13. information processors according to claim 12 are it is characterised in that described synonym replacement unit includes:

First synonymous phrase determination subelement, is suitable to be determined at least a portion of the plurality of word according to default thesaurus At least one synonymous phrase, wherein synonymous word lists in same synonymous phrase；

First replacement subelement, is suitable to for each synonymous phrase, is chosen at word frequency highest word in described pending language material, And other words are replaced with described word frequency highest word, to obtain described new language material.

14. information processors according to claim 12 are it is characterised in that also include:

First screening unit, is suitable to carry out Screening Treatment to described new language material, processes for keyword extraction.

15. information processors according to claim 12 are it is characterised in that also include:

Second screening unit, is suitable to carry out Screening Treatment to the plurality of word, to obtain multiple candidate word.

16. information processors according to claim 15 are it is characterised in that described synonym replacement unit includes:

Second synonymous phrase determination subelement, is suitable to determine at least one of the plurality of candidate word according to default thesaurus Synonymous phrase, wherein synonymous candidate word is listed in same synonymous phrase；

Second replacement subelement, is suitable to for each synonymous phrase, is chosen at word frequency highest candidate in described pending language material Word, and other candidate word are replaced with described word frequency highest candidate word, to obtain described new language material.

17. information processors according to claims 14 or 15 are it is characterised in that adopt one or more of mode Carry out Screening Treatment:

Screened according to part of speech, retained noun, adjective and verb；

18. information processors according to claim 12 are it is characterised in that described keyword extracting unit includes:

Statistics subelement, is suitable to described new language material is counted, to obtain described new language material in described pending language material In word frequency and positional information；

Extract subelement, be suitable to, by described new language material and its word frequency and positional information input text rank algorithm, treat to described Process language material and carry out keyword extraction.

19. information processors according to claim 18 are it is characterised in that also include:

Authentication unit, the one or more of key words being suitable to extraction is obtained carry out Accuracy Verification, are verified result；

Adjustment unit, is suitable to according to described the result, each parameter in text rank algorithm is adjusted；

Extraction unit, the text rank algorithm after being suitable to using parameter adjustment extracts described key word again,

Until the result of described key word meets preset requirement.

20. information processors according to claim 12 are it is characterised in that also include:

Pretreatment unit, is suitable to carry out pretreatment to described pending language material, to obtain the described pending language material of uniform format.
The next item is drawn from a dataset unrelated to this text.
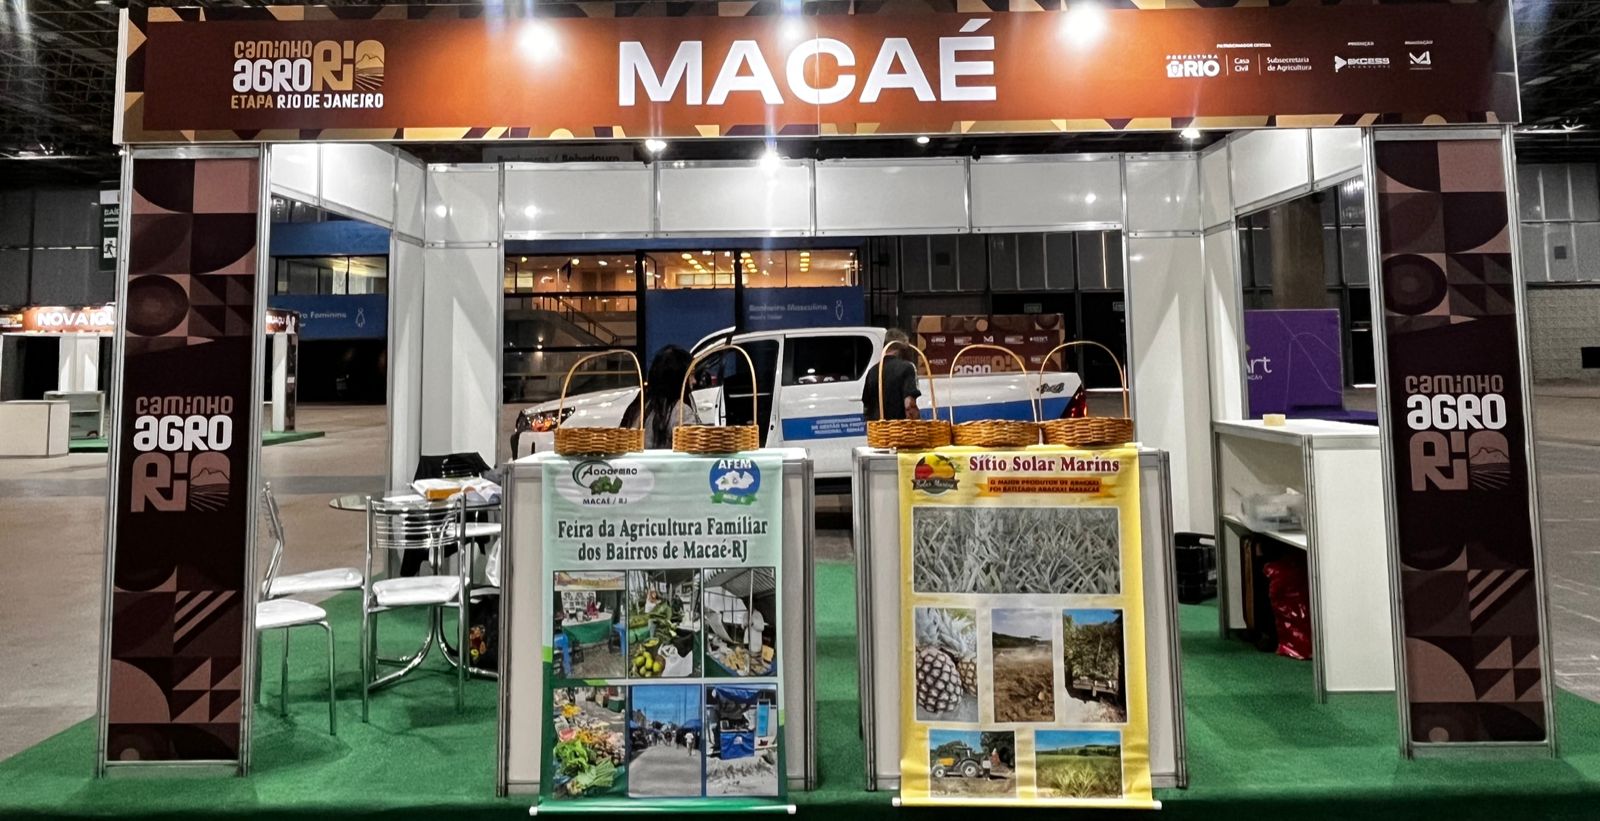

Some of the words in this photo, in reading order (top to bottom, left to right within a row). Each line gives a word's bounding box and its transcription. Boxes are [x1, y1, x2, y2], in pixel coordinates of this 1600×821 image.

21. information processors according to claim 20 are it is characterised in that described pretreatment unit includes:

Form conversion subunit, is suitable to described pending language material is converted to text formatting, to obtain text data；

Filter subelement, be suitable to preset word to described text data filtering, wherein said default word is one or more of: dirty Word, sensitive word and stop words；

Divide subelement, be suitable to be divided the described text data after filtering according to punctuate.

22. information processors according to claim 12 it is characterised in that described participle unit adopt following a kind of or Various ways carry out participle to described pending language material:

A kind of 23. terminals are it is characterised in that include the information processor as described in any one of claim 12 to 22.